Saving the SS John W. Brown

Veterans Voices

WWII ship SS John W. Brown finds permanent home in Baltimore

BALTIMORE, Md. (WDVM) — After years of bouncing from one pier to another in the Inner Harbor, the SS John W. Brown, one of only two of 2,700 World War Two Liberty ships built during WWII, has finally found a permanent home, but that’s at least two years down the road.

The Brown is returning to the Bethlehem-Fairfield Shipyard where it was built in Baltimore and launched on Labor Day in 1942.

Volunteers like Able Seaman Mark Hannon, who has spent ten years keeping the Brown “ship shape,” is happy the ship has found a home. “It was getting a little dicey for a while there, but we’re glad we’ve found a place where it was originally built.

Mike Barnes, chairman of the Pier Committee, agrees. “We were built on Way No. 13 at that yard and will use the pier that was there in 1942.”

Photo of SS John W. Brown in final stages of contruction at the Bethlehem-Fairfield Shipyard courtesy of Project Liberty Ship

Joann Malpass, the ship’s secretary for the past 30 years, has a personal connection to the Brown. “My husband who is now deceased sailed on Liberty Ships when we were dating back in the 40s and my father worked at the shipyard and he was at Fairfield when the ship was built. I hoped he helped build the John Brown.”

Photo of SS John W. Brown leaving Baltimore for war courtesy of Project Liberty Ship

Barnes says Liberty Ships were built quickly. “They were built in modular fashion. The bow was built in 42 days in the building ways and then spent another 14 days at the fitting out pier, getting finished up, sea trials and then off to war.”

The Brown made eight wartime voyages to far away ports during WWII, before being modified to carry 650 American soldiers. The Brown also brought back German prisoners-of-war. But the Brown never fired its 3-inch cannons or 20-mm anti-aircraft guns in anger during any of those voyages.

Today, the guns fire propane charges that sound like real gunfire during six-hour cruises down the Chesapeake Bay. “We call the cruises Living History Cruises,” said Barnes, “because it gives the people on the cruises an opportunity to experience life on a ship during the 1940s in wartime.”

In addition to eating breakfast and lunch, passengers are treated to mock attacks by warbirds like Japanese Zeros.

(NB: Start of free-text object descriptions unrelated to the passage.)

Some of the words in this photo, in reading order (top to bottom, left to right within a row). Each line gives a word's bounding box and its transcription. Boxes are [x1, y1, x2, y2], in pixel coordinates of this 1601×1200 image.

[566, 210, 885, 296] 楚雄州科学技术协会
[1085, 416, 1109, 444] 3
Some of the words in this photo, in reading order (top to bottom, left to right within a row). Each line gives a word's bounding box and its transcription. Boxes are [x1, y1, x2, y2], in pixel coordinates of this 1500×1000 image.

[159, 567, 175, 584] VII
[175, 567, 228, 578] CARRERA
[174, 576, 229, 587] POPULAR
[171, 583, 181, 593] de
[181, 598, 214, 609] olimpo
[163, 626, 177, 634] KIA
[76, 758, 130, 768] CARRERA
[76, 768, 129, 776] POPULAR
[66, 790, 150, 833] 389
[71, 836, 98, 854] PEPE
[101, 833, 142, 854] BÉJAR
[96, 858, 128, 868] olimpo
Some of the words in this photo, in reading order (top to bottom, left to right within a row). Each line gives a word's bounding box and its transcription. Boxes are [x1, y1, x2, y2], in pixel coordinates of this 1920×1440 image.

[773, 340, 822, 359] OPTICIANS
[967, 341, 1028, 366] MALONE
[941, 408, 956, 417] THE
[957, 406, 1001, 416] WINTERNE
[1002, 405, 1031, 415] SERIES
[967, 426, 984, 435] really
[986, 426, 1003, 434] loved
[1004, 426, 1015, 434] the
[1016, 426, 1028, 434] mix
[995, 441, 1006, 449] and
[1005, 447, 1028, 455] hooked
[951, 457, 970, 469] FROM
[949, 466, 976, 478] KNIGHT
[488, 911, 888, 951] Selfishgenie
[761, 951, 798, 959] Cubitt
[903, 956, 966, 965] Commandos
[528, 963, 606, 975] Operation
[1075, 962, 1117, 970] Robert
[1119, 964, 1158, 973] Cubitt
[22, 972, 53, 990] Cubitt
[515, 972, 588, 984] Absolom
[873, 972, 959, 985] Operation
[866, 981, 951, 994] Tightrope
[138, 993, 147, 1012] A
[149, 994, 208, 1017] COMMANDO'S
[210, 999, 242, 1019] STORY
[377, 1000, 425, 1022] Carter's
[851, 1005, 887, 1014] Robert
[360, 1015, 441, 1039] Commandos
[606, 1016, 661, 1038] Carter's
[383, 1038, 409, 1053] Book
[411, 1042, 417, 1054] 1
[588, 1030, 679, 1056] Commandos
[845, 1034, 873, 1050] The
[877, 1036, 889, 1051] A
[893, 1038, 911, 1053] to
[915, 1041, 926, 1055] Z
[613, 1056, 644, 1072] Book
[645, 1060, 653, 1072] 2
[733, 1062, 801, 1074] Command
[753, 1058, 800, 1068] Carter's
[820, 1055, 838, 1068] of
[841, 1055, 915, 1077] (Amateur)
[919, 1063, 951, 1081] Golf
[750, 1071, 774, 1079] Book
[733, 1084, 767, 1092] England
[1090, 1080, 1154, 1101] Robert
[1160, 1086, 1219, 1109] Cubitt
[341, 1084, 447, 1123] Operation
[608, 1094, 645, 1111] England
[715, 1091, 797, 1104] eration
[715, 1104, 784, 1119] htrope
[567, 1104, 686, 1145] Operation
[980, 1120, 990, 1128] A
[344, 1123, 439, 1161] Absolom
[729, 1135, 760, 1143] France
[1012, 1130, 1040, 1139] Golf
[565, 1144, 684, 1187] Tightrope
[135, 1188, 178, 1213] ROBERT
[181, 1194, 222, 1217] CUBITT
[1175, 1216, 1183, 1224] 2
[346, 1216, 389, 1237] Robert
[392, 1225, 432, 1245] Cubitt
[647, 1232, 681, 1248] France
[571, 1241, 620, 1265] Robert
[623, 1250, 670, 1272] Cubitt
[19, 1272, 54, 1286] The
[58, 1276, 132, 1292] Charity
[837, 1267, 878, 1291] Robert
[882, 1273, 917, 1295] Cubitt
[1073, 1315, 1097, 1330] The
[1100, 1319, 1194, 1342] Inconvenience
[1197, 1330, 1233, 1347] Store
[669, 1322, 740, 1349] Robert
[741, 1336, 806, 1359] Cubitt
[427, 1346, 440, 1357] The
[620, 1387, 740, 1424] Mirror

Volunteer gunner firing propane charges from 20mm anti-aircraft during simulated attack on the SS John W. Brown courtesy of Project Liberty Ship

On January 4, 2020 the Brown left Pier C at the foot of South Clinton Street in Baltimore bound for drydock at a private shipyard in Norfolk, Virginia. While there, the U.S. Coast Guard will inspect the hull of the 441-foot ship named for a Canadian-born American labor leader in the 19th century, and certify that the ship is seaworthy. The Brown will also be repainted. The past 78 years have taken a toll on the ship.

Photo courtesy of Project Liberty Ship

When the Brown returns to Baltimore, it’s not certain where it will be temporarily berthed while its old pier at Bethlehem-Fairfield Shipyard is restored. The lease at Pier C has expired, and Mike Barnes is in negotiations with other locations for a temporary pier that has public access. Pier C does not have such access.